[Dataset entries]
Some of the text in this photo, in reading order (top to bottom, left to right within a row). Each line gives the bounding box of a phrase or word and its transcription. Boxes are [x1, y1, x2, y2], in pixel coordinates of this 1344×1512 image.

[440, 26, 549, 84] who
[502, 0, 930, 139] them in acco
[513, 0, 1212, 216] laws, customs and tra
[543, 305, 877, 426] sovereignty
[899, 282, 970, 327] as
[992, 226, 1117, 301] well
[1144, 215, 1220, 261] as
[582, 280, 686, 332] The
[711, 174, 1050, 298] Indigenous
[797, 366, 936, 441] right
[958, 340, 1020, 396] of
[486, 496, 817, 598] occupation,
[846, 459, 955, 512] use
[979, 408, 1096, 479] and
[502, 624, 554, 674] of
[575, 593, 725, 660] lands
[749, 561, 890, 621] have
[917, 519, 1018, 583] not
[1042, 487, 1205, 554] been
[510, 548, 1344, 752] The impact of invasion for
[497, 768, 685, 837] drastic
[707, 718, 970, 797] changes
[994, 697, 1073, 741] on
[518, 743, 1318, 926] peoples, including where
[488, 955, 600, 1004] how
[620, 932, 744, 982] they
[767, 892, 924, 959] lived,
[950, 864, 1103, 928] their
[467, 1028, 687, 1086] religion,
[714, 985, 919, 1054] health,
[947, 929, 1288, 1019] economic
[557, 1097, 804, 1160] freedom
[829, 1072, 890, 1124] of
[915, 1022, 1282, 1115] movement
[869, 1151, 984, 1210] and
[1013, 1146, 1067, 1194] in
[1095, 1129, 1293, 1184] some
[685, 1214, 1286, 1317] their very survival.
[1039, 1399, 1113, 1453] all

[What needs to be done] Set down every line of the listing above again, exactly as given.

[Output of the exercise]
Some of the text in this photo, in reading order (top to bottom, left to right within a row). Each line gives the bounding box of a phrase or word and its transcription. Boxes are [x1, y1, x2, y2], in pixel coordinates of this 1344×1512 image.

[440, 26, 549, 84] who
[502, 0, 930, 139] them in acco
[513, 0, 1212, 216] laws, customs and tra
[543, 305, 877, 426] sovereignty
[899, 282, 970, 327] as
[992, 226, 1117, 301] well
[1144, 215, 1220, 261] as
[582, 280, 686, 332] The
[711, 174, 1050, 298] Indigenous
[797, 366, 936, 441] right
[958, 340, 1020, 396] of
[486, 496, 817, 598] occupation,
[846, 459, 955, 512] use
[979, 408, 1096, 479] and
[502, 624, 554, 674] of
[575, 593, 725, 660] lands
[749, 561, 890, 621] have
[917, 519, 1018, 583] not
[1042, 487, 1205, 554] been
[510, 548, 1344, 752] The impact of invasion for
[497, 768, 685, 837] drastic
[707, 718, 970, 797] changes
[994, 697, 1073, 741] on
[518, 743, 1318, 926] peoples, including where
[488, 955, 600, 1004] how
[620, 932, 744, 982] they
[767, 892, 924, 959] lived,
[950, 864, 1103, 928] their
[467, 1028, 687, 1086] religion,
[714, 985, 919, 1054] health,
[947, 929, 1288, 1019] economic
[557, 1097, 804, 1160] freedom
[829, 1072, 890, 1124] of
[915, 1022, 1282, 1115] movement
[869, 1151, 984, 1210] and
[1013, 1146, 1067, 1194] in
[1095, 1129, 1293, 1184] some
[685, 1214, 1286, 1317] their very survival.
[1039, 1399, 1113, 1453] all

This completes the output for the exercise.